You are nine when you stand in front of the mirror in Her bathroom, sewing shears in hand and face still tear-streaked and mottled red from hours of crying. You hack away at your long blonde hair with a fierce determination until it is cut into a sloppy approximation of Her bob, your one last bit of homage to the woman whom you had lost. The strands of your hair fell to the floor and clogged the sink as you shed your bright sun dress, made only recently, and go into Her closet to find something more suitable for how you feel. You find a dress that you’ve never seen before, black with hints of dark purple, one probably used once for a special event never again. With clumsy stitching from you shaking hands you sew in the dress enough to fit you. It looks sharp and angry, but it suits how you feel and you somehow feel dangerous and comfortable in it. You feel that it works. You spend the next few hours gathering things from around her house to take with you and putting them into a small black suitcase you found deep in her closet. You pack the essentials: a few more quickly altered dresses, some canned food, any cash you can find, three of Her sets of knitting needles and a few balls of yearn, three of your favorite worn books and one that you’ve never read before whos’ eldritch cover calls to you, a picture that was taken of the two of you the year before in a time when you were both happy and alive. You pause when you find the book of your writings and read the name embossed on the cover. Rose Lalonde. After a moment to hold back the tears, you set the book gently in your suitcase before zipping it up. You leave the house without a backwards glance.

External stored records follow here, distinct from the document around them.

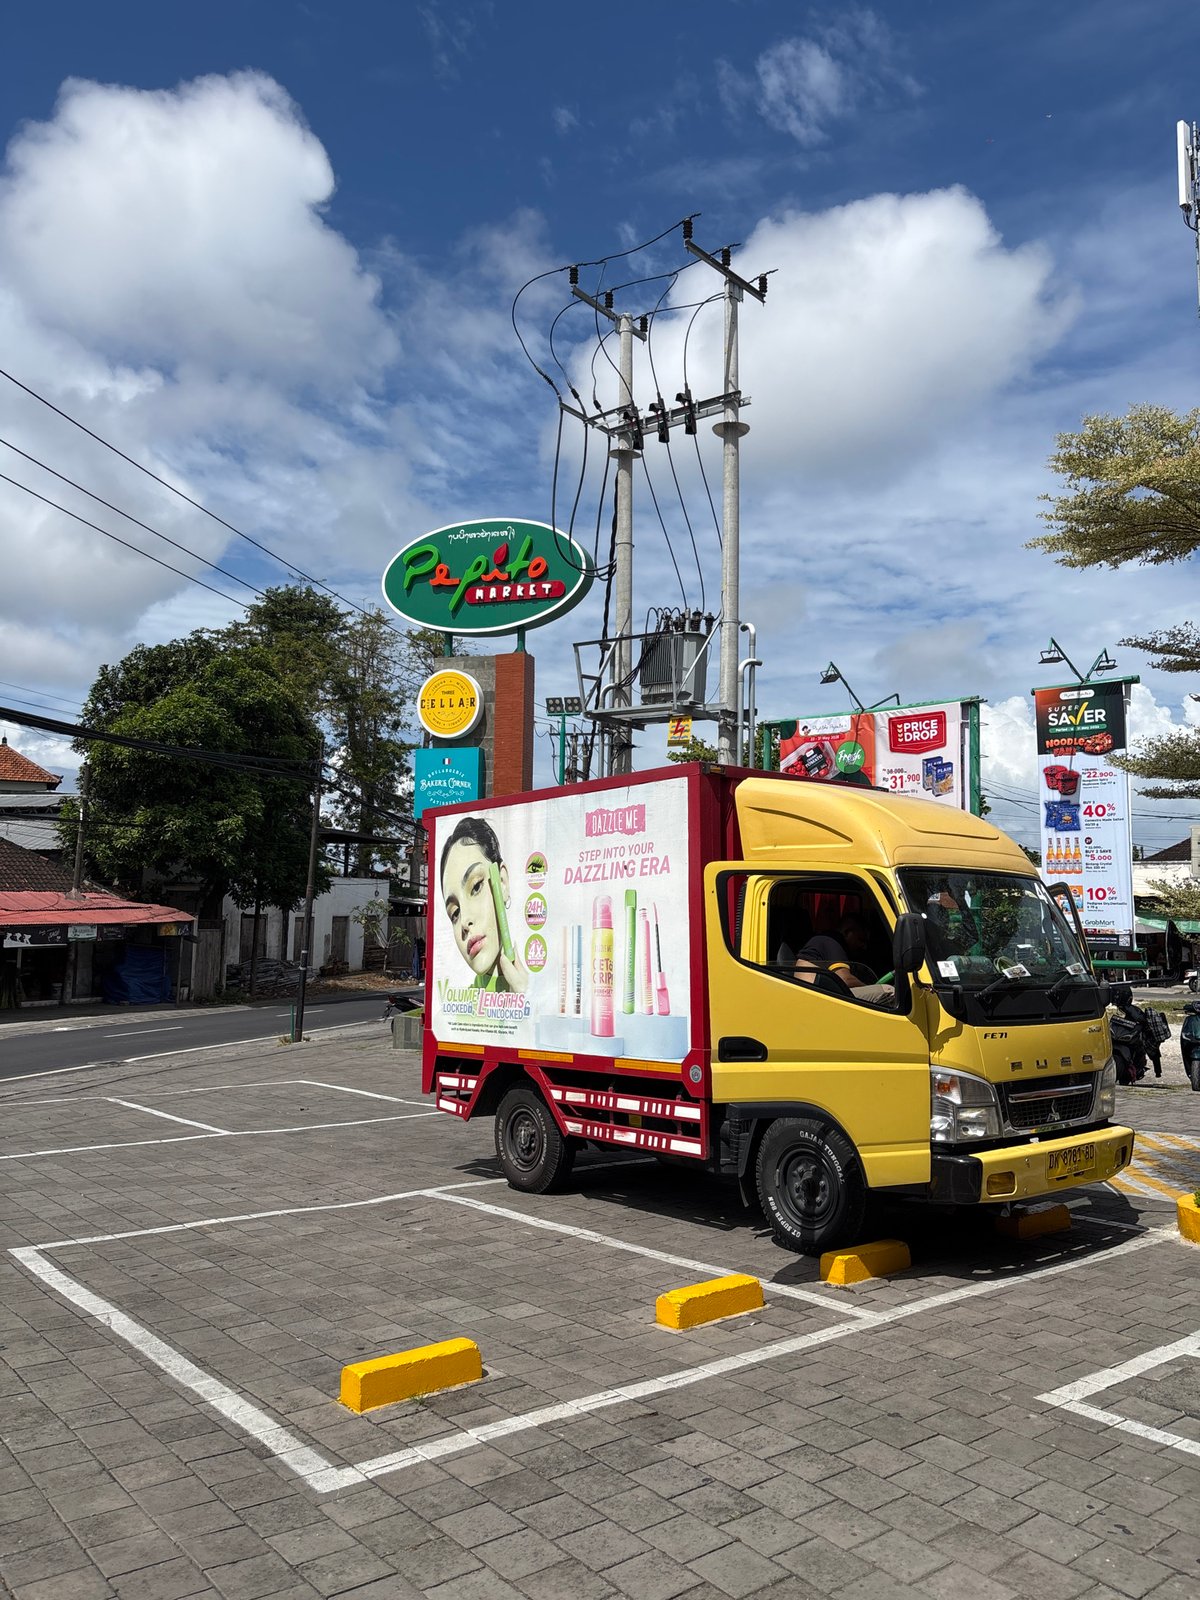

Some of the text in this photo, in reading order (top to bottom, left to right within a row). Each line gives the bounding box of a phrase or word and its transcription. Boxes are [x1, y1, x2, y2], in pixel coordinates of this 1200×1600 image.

[402, 534, 549, 612] Pepito
[475, 583, 552, 600] MARKET
[420, 697, 476, 709] CELLAR
[1047, 704, 1079, 713] SUPER
[903, 719, 938, 731] PRICE
[903, 729, 937, 742] DROP
[1046, 738, 1085, 748] NOODLE
[805, 754, 823, 768] TOMATO
[837, 747, 863, 764] Fresh
[447, 777, 472, 789] CORNER
[592, 809, 639, 834] DAZZLE ME
[579, 842, 654, 863] STEP INTO YOUR
[563, 855, 671, 885] DAZZLING ERA
[527, 901, 543, 913] 24H
[437, 978, 525, 1015] VOLUME LENGTHS
[443, 1003, 524, 1020] LOCKED UNLOCKED
[799, 1130, 846, 1185] GAJAH TUNGGAL
[1049, 1152, 1060, 1169] DK
[774, 1210, 793, 1234] SUPER
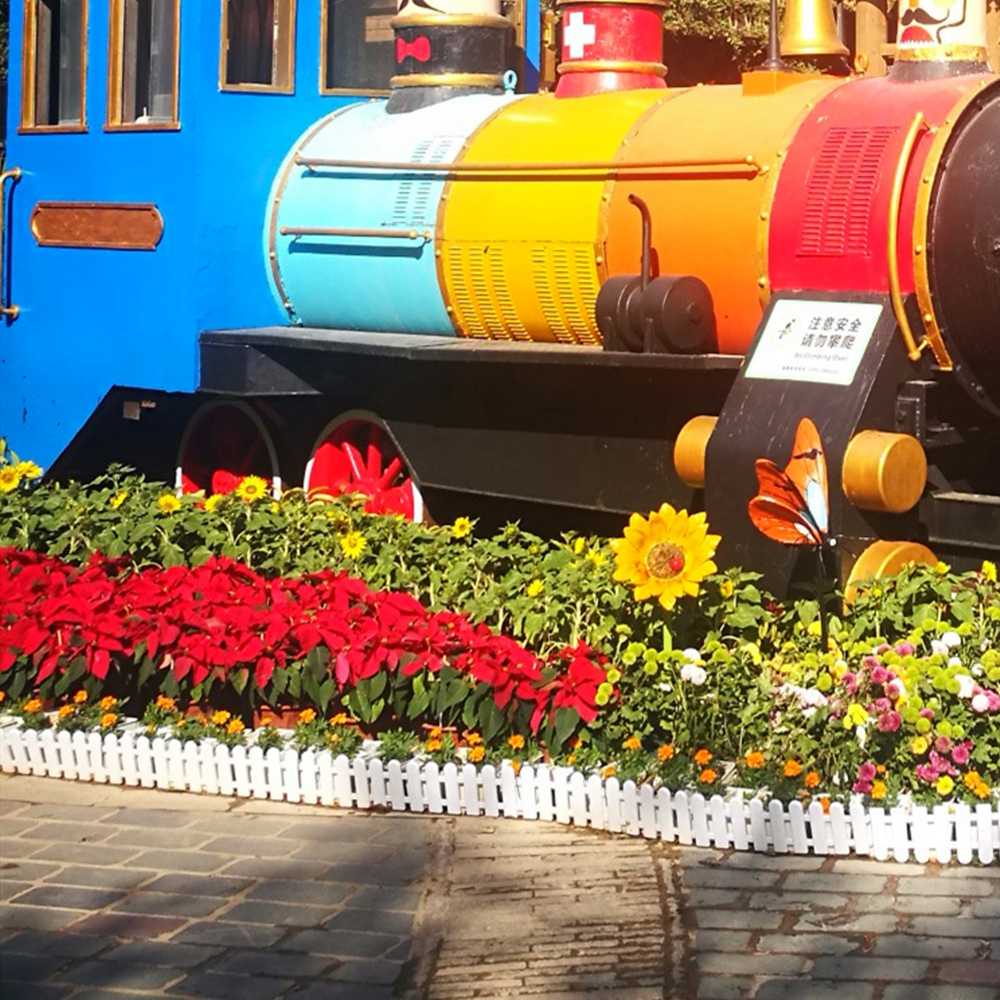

You are ten, and you’ve found work. The job isn’t glamorous, but it is enough. A librarian at a library you frequented must have connected the dots because she offered you a job shelving books for a small amount of money. You took her up on the offer, and spend your time off of work reading books around the library and writing yourself. Your writing improves and you are writing things that are actually passable as stories. The librarians teach you grammar, and you’ve been told that your reading and writing are on an upper high school level. You still choose to wear all black and you still keep your hair sheared short into a bob. 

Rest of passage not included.